As you climb back into the village, you’ll pass a couple of abandoned factories, relics of the textile trade that was Bocairent’s main way of making a living until the late 20th century. Wool blankets (mantas) were a speciality, but competition from abroad and cheaper fabrics meant the industry has gone now and the village – unsurprisingly – makes its money from tourism.

Once back in the centre there’s plenty of gentle exploring to be done in the narrow lanes and twisty passages of the old village, with unexpected little squares with views over the Sierra Mariola.
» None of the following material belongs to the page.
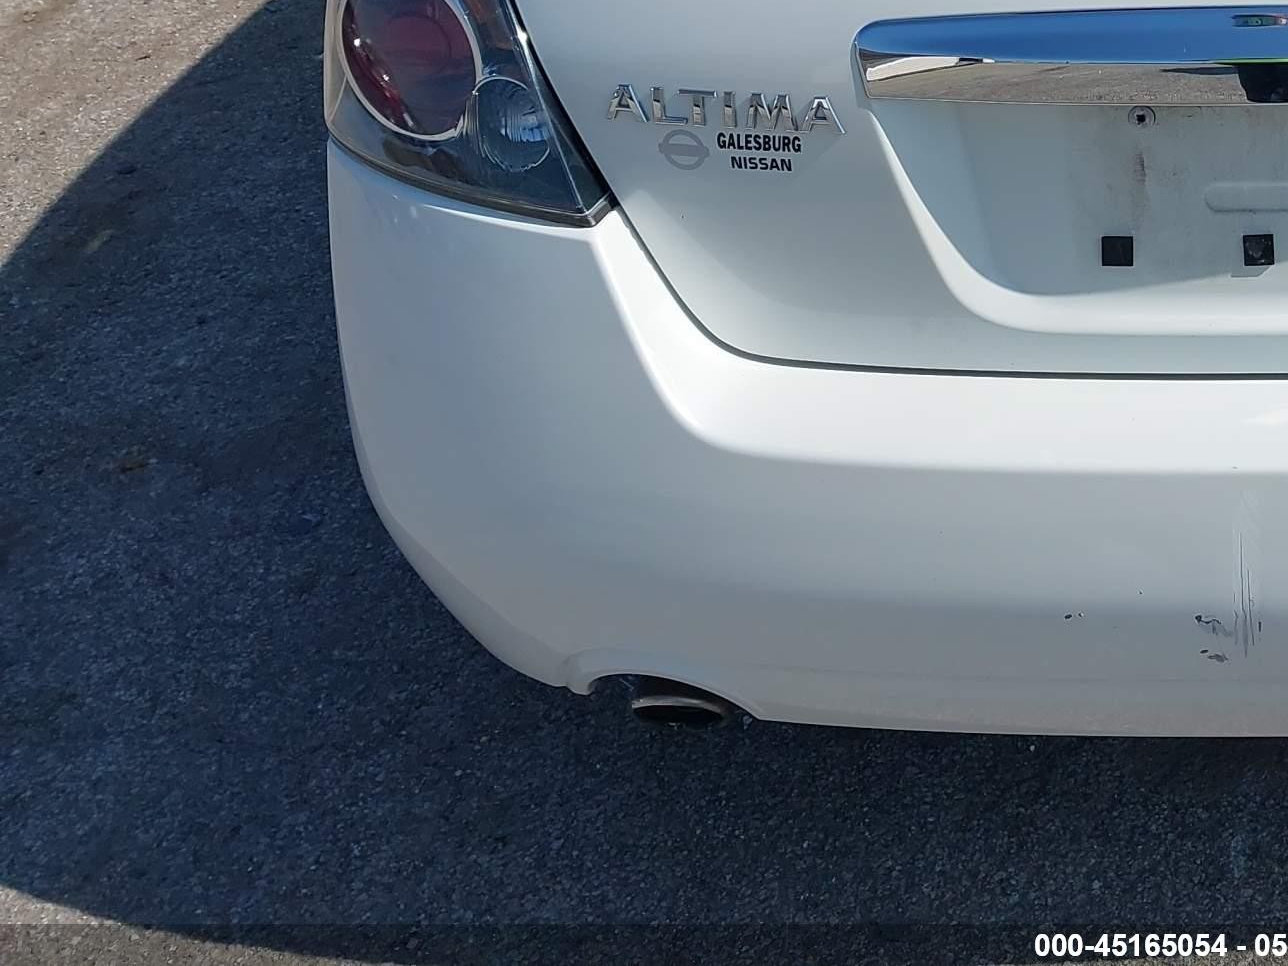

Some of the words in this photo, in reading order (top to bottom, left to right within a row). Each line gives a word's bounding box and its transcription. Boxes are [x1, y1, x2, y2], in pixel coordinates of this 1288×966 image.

Looking through the arch of the Agost gate to the Sierra Mariola beyond

You’ll see rows of peppers drying on balconies in the sun – they’re used for the local delicacy of Pericana…a flavouring or spread made from peppers (obviously!), garlic and little pieces of dried cod.

Head up to the highest point of the town and the sixteenth century church with its imposing belltower (you’ll notice they do like to ring church bells a lot in Bocairent), built on the site of the former Moorish castle.

The church tower at the highest point of Bocairent, on the site of the Moorish castle.

Wander down to the main town square, overlooked by eight-storey houses which look impossibly high until you realise that they’re actually divided in two and set into the hillside – the upper storeys are a different house with access from the street behind. Many of them still have cellars dug into the rock. Some of the older places even have rooms in the rock.

The main square of Bocairent flanked by multi-storey houses built into the hillside.

Take a look also at the little bullring. It’s the oldest in the Valencian Community and it’s set – you guessed it – into the rock.

Bocairent’s stone bullring.

On the hill opposite the village, you can see the zig zag path leading up to the Ermita de Santo Cristo. The Cristo – the image of Christ – has apparently only been taken out of the Ermita five times. Once to defeat a drought (it worked, apparently) and once during a cholera epidemic (no result recorded). There’s talk of taking out once again for Covid-19. Let’s see if it does the trick.

The Ermita de Santo Cristo and its zig-zag path dominate the hillside opposite Bocairent.